Extracted data entries
────────────────────

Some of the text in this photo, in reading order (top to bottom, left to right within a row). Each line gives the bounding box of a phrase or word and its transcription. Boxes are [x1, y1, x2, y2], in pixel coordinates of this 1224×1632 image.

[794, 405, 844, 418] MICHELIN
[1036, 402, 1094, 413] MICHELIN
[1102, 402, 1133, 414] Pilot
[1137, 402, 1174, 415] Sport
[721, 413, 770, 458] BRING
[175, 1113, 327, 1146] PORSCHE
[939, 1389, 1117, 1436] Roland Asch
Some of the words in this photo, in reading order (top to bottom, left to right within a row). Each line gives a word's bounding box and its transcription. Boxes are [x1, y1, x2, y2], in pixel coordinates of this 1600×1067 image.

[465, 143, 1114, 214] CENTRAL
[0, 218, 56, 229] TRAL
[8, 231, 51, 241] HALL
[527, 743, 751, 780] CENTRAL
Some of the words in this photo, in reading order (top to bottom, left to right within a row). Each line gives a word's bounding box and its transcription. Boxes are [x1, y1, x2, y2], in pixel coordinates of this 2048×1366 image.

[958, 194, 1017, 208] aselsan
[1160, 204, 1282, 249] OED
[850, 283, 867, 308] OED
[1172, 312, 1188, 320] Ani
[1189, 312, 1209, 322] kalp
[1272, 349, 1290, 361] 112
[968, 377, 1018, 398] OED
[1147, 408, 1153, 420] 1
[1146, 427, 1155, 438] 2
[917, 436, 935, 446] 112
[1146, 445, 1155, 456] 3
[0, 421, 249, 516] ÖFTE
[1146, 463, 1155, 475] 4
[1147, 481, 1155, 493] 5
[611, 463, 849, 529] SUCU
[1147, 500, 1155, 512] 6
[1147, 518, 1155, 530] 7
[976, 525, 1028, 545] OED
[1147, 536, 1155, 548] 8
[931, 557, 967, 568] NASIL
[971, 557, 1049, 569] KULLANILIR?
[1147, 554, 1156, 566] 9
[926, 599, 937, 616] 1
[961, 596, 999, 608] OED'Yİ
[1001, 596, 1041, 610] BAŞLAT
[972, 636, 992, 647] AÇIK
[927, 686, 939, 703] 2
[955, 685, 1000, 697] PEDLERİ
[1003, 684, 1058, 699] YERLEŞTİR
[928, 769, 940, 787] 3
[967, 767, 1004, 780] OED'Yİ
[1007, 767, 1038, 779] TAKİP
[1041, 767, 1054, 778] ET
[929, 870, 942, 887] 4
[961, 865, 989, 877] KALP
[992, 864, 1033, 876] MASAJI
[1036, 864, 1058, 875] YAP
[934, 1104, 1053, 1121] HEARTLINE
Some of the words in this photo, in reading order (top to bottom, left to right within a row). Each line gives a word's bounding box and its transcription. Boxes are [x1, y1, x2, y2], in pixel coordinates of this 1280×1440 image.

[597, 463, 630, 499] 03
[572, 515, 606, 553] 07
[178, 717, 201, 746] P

────────────────────

What to produce: This exercise calls for the lines from the one holding "this 1280×1440 image." through the end of the entries, transcribed exactly and with nothing more.

Solution:
Some of the words in this photo, in reading order (top to bottom, left to right within a row). Each line gives a word's bounding box and its transcription. Boxes are [x1, y1, x2, y2], in pixel coordinates of this 1280×1440 image.

[597, 463, 630, 499] 03
[572, 515, 606, 553] 07
[178, 717, 201, 746] P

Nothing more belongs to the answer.